◆ Requirement: Each line of the material beneath should be duplicated exactly.

◆ ◆ ◆ ◆ ◆

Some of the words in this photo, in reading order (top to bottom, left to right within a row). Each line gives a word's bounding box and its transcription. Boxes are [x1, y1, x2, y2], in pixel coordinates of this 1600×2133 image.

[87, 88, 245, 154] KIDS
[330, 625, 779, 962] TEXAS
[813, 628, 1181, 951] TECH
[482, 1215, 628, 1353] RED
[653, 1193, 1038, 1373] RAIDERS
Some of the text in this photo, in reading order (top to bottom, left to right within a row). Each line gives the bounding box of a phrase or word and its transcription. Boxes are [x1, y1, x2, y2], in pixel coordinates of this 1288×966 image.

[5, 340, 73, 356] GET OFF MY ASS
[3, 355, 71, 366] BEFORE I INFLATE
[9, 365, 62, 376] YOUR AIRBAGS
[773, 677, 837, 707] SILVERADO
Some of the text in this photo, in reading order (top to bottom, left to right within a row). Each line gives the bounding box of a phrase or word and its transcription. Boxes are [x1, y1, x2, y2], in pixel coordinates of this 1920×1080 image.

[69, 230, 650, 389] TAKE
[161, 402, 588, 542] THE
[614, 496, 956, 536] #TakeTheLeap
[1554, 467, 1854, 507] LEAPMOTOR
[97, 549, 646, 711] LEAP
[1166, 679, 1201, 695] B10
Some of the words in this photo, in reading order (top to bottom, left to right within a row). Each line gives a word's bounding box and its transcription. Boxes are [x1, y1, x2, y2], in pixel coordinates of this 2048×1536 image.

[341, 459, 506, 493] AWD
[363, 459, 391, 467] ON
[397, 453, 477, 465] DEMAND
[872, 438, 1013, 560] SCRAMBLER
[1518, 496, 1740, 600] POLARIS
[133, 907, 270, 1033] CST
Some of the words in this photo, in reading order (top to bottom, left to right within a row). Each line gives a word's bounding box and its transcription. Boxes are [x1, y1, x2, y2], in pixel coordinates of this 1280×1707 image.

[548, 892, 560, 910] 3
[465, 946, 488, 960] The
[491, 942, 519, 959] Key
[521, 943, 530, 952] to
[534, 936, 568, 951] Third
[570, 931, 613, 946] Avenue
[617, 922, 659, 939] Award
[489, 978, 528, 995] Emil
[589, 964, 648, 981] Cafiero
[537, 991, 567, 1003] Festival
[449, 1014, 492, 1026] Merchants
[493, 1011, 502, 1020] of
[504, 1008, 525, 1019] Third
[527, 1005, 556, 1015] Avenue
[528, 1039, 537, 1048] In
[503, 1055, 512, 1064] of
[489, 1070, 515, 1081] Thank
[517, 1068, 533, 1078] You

◆ ◆ ◆ ◆ ◆

◆ Reply to the exercise:
Some of the words in this photo, in reading order (top to bottom, left to right within a row). Each line gives a word's bounding box and its transcription. Boxes are [x1, y1, x2, y2], in pixel coordinates of this 1600×2133 image.

[87, 88, 245, 154] KIDS
[330, 625, 779, 962] TEXAS
[813, 628, 1181, 951] TECH
[482, 1215, 628, 1353] RED
[653, 1193, 1038, 1373] RAIDERS
Some of the text in this photo, in reading order (top to bottom, left to right within a row). Each line gives the bounding box of a phrase or word and its transcription. Boxes are [x1, y1, x2, y2], in pixel coordinates of this 1288×966 image.

[5, 340, 73, 356] GET OFF MY ASS
[3, 355, 71, 366] BEFORE I INFLATE
[9, 365, 62, 376] YOUR AIRBAGS
[773, 677, 837, 707] SILVERADO
Some of the text in this photo, in reading order (top to bottom, left to right within a row). Each line gives the bounding box of a phrase or word and its transcription. Boxes are [x1, y1, x2, y2], in pixel coordinates of this 1920×1080 image.

[69, 230, 650, 389] TAKE
[161, 402, 588, 542] THE
[614, 496, 956, 536] #TakeTheLeap
[1554, 467, 1854, 507] LEAPMOTOR
[97, 549, 646, 711] LEAP
[1166, 679, 1201, 695] B10
Some of the words in this photo, in reading order (top to bottom, left to right within a row). Each line gives a word's bounding box and its transcription. Boxes are [x1, y1, x2, y2], in pixel coordinates of this 2048×1536 image.

[341, 459, 506, 493] AWD
[363, 459, 391, 467] ON
[397, 453, 477, 465] DEMAND
[872, 438, 1013, 560] SCRAMBLER
[1518, 496, 1740, 600] POLARIS
[133, 907, 270, 1033] CST
Some of the words in this photo, in reading order (top to bottom, left to right within a row). Each line gives a word's bounding box and its transcription. Boxes are [x1, y1, x2, y2], in pixel coordinates of this 1280×1707 image.

[548, 892, 560, 910] 3
[465, 946, 488, 960] The
[491, 942, 519, 959] Key
[521, 943, 530, 952] to
[534, 936, 568, 951] Third
[570, 931, 613, 946] Avenue
[617, 922, 659, 939] Award
[489, 978, 528, 995] Emil
[589, 964, 648, 981] Cafiero
[537, 991, 567, 1003] Festival
[449, 1014, 492, 1026] Merchants
[493, 1011, 502, 1020] of
[504, 1008, 525, 1019] Third
[527, 1005, 556, 1015] Avenue
[528, 1039, 537, 1048] In
[503, 1055, 512, 1064] of
[489, 1070, 515, 1081] Thank
[517, 1068, 533, 1078] You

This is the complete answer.